▶ _Supplied information_
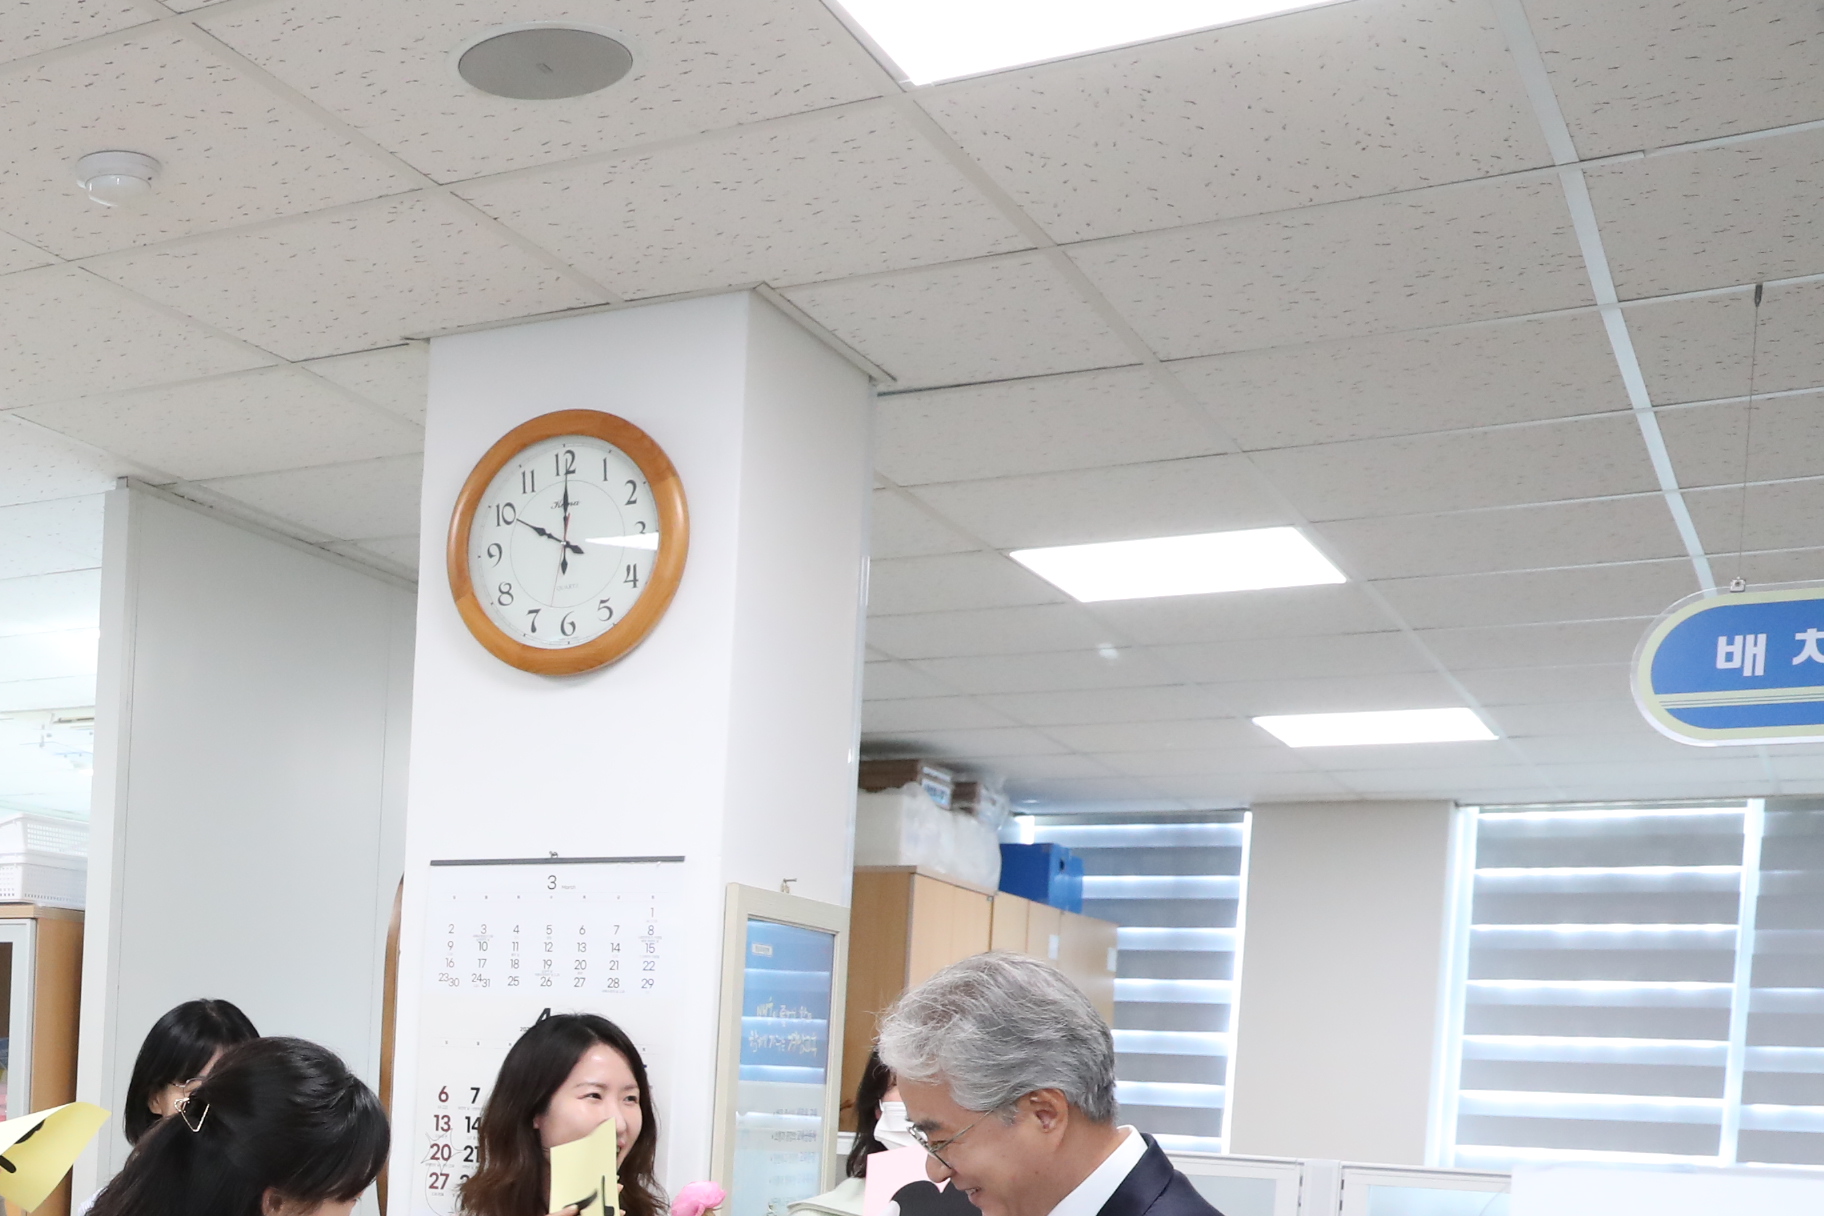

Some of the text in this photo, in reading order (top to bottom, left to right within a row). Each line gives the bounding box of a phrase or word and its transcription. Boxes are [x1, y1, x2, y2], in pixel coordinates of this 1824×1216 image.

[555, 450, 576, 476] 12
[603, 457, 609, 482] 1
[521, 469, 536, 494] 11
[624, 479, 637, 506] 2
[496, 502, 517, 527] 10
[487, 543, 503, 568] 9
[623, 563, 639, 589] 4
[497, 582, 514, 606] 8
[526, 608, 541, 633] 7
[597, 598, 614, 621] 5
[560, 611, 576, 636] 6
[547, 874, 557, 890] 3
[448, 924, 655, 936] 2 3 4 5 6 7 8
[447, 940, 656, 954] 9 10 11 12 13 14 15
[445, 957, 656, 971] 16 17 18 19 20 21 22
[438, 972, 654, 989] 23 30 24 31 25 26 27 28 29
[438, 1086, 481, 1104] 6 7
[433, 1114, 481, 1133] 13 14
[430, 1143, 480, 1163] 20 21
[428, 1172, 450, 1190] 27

▶ _Exercise description_
Give the listing again, exactly as it appears, but without its images.

▶ _Solved exercise_
Some of the text in this photo, in reading order (top to bottom, left to right within a row). Each line gives the bounding box of a phrase or word and its transcription. Boxes are [x1, y1, x2, y2], in pixel coordinates of this 1824×1216 image.

[555, 450, 576, 476] 12
[603, 457, 609, 482] 1
[521, 469, 536, 494] 11
[624, 479, 637, 506] 2
[496, 502, 517, 527] 10
[487, 543, 503, 568] 9
[623, 563, 639, 589] 4
[497, 582, 514, 606] 8
[526, 608, 541, 633] 7
[597, 598, 614, 621] 5
[560, 611, 576, 636] 6
[547, 874, 557, 890] 3
[448, 924, 655, 936] 2 3 4 5 6 7 8
[447, 940, 656, 954] 9 10 11 12 13 14 15
[445, 957, 656, 971] 16 17 18 19 20 21 22
[438, 972, 654, 989] 23 30 24 31 25 26 27 28 29
[438, 1086, 481, 1104] 6 7
[433, 1114, 481, 1133] 13 14
[430, 1143, 480, 1163] 20 21
[428, 1172, 450, 1190] 27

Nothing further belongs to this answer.